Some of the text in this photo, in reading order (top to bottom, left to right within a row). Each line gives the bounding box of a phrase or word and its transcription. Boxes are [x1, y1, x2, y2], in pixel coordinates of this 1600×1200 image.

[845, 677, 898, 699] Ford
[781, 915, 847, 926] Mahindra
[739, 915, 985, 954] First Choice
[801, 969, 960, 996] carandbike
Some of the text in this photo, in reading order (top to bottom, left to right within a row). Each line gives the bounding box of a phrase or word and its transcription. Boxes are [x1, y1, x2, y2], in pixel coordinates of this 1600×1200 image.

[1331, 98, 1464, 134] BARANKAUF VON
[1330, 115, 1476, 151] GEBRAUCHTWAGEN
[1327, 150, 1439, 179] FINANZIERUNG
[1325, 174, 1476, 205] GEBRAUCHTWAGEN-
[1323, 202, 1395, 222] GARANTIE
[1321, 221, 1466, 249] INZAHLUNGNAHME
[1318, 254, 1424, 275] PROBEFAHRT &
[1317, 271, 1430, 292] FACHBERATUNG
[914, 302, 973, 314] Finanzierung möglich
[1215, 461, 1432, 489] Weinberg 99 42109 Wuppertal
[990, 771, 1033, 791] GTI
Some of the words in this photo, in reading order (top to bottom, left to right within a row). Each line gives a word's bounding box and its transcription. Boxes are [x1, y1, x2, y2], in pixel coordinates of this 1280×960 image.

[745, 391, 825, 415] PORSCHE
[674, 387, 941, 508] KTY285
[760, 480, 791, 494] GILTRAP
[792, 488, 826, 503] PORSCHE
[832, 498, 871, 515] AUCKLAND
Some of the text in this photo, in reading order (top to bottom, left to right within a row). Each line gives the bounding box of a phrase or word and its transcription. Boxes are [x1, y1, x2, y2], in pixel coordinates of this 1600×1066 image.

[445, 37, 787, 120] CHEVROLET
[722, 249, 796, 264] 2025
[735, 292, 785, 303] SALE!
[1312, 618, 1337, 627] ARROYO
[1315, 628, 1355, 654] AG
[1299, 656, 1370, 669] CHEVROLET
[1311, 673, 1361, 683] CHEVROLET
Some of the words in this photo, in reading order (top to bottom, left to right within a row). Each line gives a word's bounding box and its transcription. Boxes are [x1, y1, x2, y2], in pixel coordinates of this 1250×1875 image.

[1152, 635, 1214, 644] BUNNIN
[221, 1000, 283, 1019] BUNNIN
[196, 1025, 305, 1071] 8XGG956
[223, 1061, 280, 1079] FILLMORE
______________________________
» **ABOUT THIS EXERCISE**:
Transcribe every entry exactly.

» **YOUR SOLUTION**:
Some of the text in this photo, in reading order (top to bottom, left to right within a row). Each line gives the bounding box of a phrase or word and its transcription. Boxes are [x1, y1, x2, y2], in pixel coordinates of this 1600×1200 image.

[845, 677, 898, 699] Ford
[781, 915, 847, 926] Mahindra
[739, 915, 985, 954] First Choice
[801, 969, 960, 996] carandbike
Some of the text in this photo, in reading order (top to bottom, left to right within a row). Each line gives the bounding box of a phrase or word and its transcription. Boxes are [x1, y1, x2, y2], in pixel coordinates of this 1600×1200 image.

[1331, 98, 1464, 134] BARANKAUF VON
[1330, 115, 1476, 151] GEBRAUCHTWAGEN
[1327, 150, 1439, 179] FINANZIERUNG
[1325, 174, 1476, 205] GEBRAUCHTWAGEN-
[1323, 202, 1395, 222] GARANTIE
[1321, 221, 1466, 249] INZAHLUNGNAHME
[1318, 254, 1424, 275] PROBEFAHRT &
[1317, 271, 1430, 292] FACHBERATUNG
[914, 302, 973, 314] Finanzierung möglich
[1215, 461, 1432, 489] Weinberg 99 42109 Wuppertal
[990, 771, 1033, 791] GTI
Some of the words in this photo, in reading order (top to bottom, left to right within a row). Each line gives a word's bounding box and its transcription. Boxes are [x1, y1, x2, y2], in pixel coordinates of this 1280×960 image.

[745, 391, 825, 415] PORSCHE
[674, 387, 941, 508] KTY285
[760, 480, 791, 494] GILTRAP
[792, 488, 826, 503] PORSCHE
[832, 498, 871, 515] AUCKLAND
Some of the text in this photo, in reading order (top to bottom, left to right within a row). Each line gives the bounding box of a phrase or word and its transcription. Boxes are [x1, y1, x2, y2], in pixel coordinates of this 1600×1066 image.

[445, 37, 787, 120] CHEVROLET
[722, 249, 796, 264] 2025
[735, 292, 785, 303] SALE!
[1312, 618, 1337, 627] ARROYO
[1315, 628, 1355, 654] AG
[1299, 656, 1370, 669] CHEVROLET
[1311, 673, 1361, 683] CHEVROLET
Some of the words in this photo, in reading order (top to bottom, left to right within a row). Each line gives a word's bounding box and its transcription. Boxes are [x1, y1, x2, y2], in pixel coordinates of this 1250×1875 image.

[1152, 635, 1214, 644] BUNNIN
[221, 1000, 283, 1019] BUNNIN
[196, 1025, 305, 1071] 8XGG956
[223, 1061, 280, 1079] FILLMORE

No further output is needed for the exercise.